The Real Meaning of Vibe Coding: When “It Just Feels Right” Becomes Your Entire Codebase

How Andrej Karpathy turned late-night prompting into a full-blown philosophy — and why it’s equal parts magic and mild existential dread.
Imagine this scene:
It’s 1:47 a.m. You’re wearing the same hoodie you’ve had on for three days. Cursor is open. Your fingers hover over the keyboard… then you just… stop.
Instead of typing, you speak (or type lazily):
“Hey, make the sidebar padding half as big. Give the login button more premium SaaS energy. Also the mobile version feels a little… off? Just fix the vibe.”
You hit Accept All without reading a single diff.
You run the app.
It works.
You fist-pump the air like you just won the lottery.
Congratulations. You’ve entered the sacred realm of vibe coding.
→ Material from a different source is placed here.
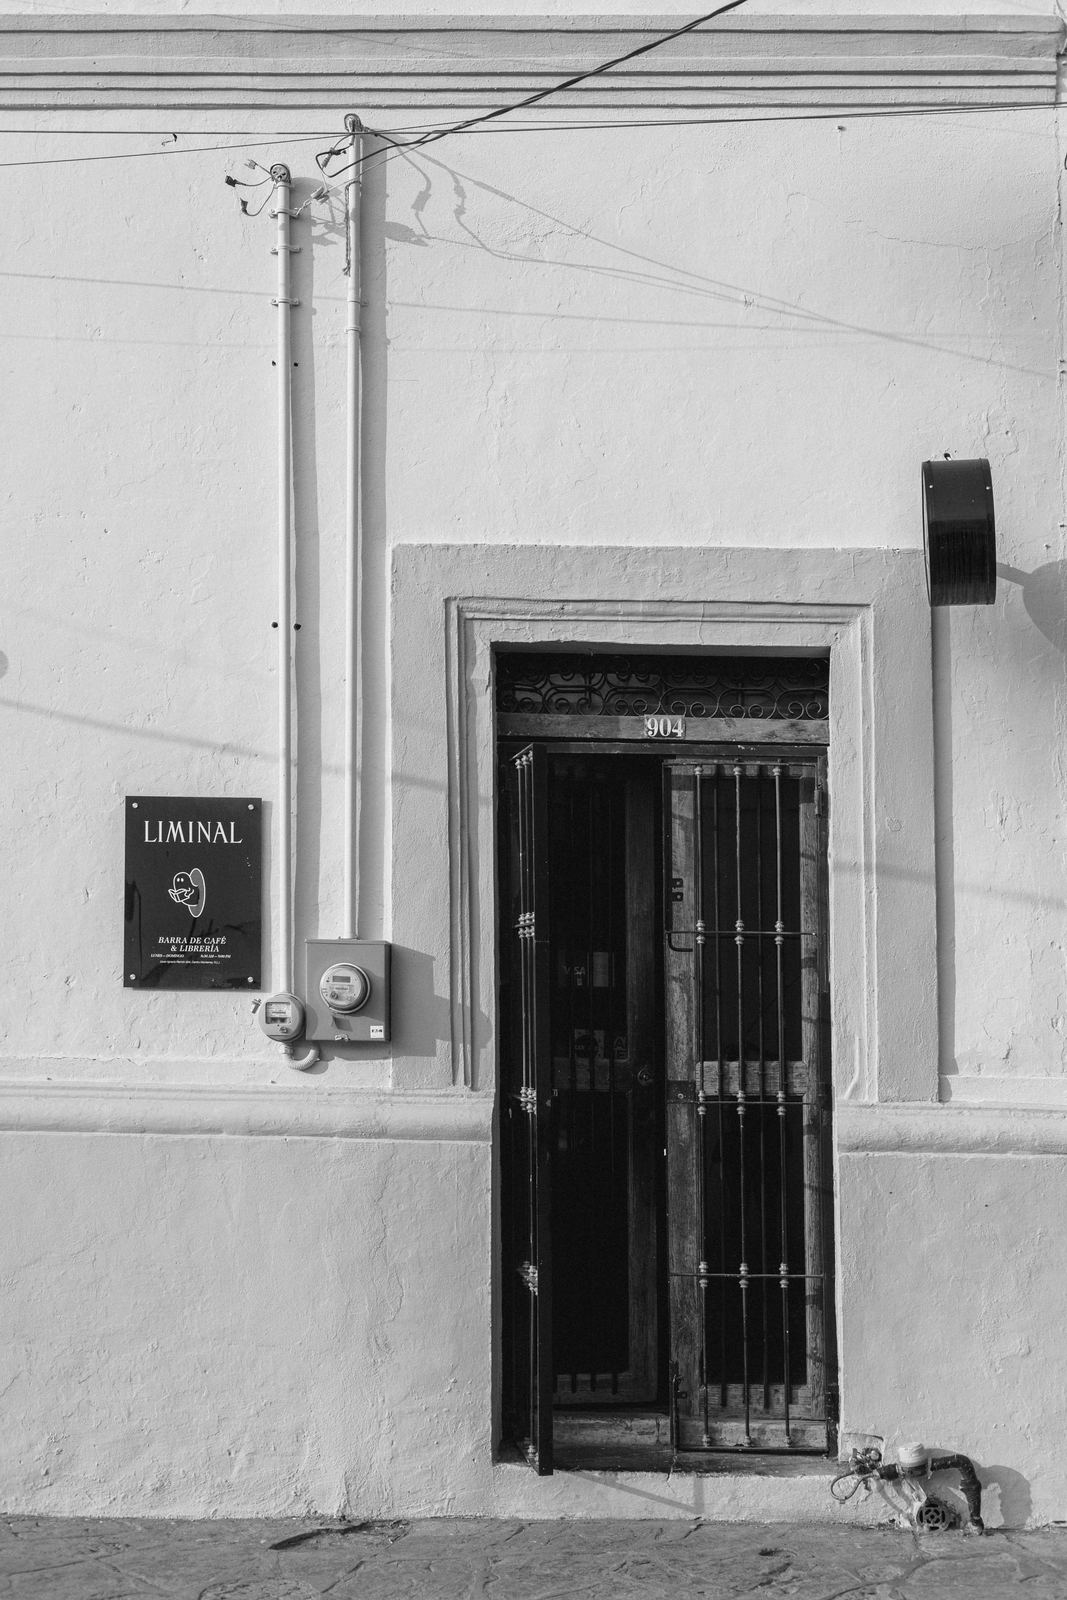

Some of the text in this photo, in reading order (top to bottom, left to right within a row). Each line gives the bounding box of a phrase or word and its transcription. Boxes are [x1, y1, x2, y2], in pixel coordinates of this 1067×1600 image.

[647, 717, 684, 737] 904
[144, 820, 243, 844] LIMINAL
[158, 935, 227, 945] BARRA DE CAFÉ
[170, 943, 220, 953] & LIBRERÍA
The Birth of a Beautifully Reckless Idea
The term was coined in February 2025 by Andrej Karpathy (yes, that Karpathy — co-founder of OpenAI, walking AI encyclopedia, and now accidental philosopher of lazy genius).
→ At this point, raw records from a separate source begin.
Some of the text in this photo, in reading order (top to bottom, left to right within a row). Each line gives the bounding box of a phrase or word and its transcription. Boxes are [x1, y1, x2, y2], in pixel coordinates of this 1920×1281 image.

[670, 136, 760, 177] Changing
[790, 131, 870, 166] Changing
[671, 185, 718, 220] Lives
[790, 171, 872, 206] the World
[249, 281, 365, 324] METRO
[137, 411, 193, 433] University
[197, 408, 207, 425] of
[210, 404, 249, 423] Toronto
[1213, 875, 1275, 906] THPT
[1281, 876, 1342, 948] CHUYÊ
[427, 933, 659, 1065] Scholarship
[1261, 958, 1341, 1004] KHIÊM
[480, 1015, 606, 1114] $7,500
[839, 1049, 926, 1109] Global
Here’s the original vibe he dropped:
“There’s a new kind of coding I call ‘vibe coding’, where you fully give in to the vibes, embrace exponentials, and forget that the code even exists. … I ‘Accept All’ always, I don’t read the diffs anymore. When I get error messages I just copy paste them in with no comment, usually that fixes it. The code grows beyond my usual comprehension… It’s not too bad for throwaway weekend projects, but still quite amusing.”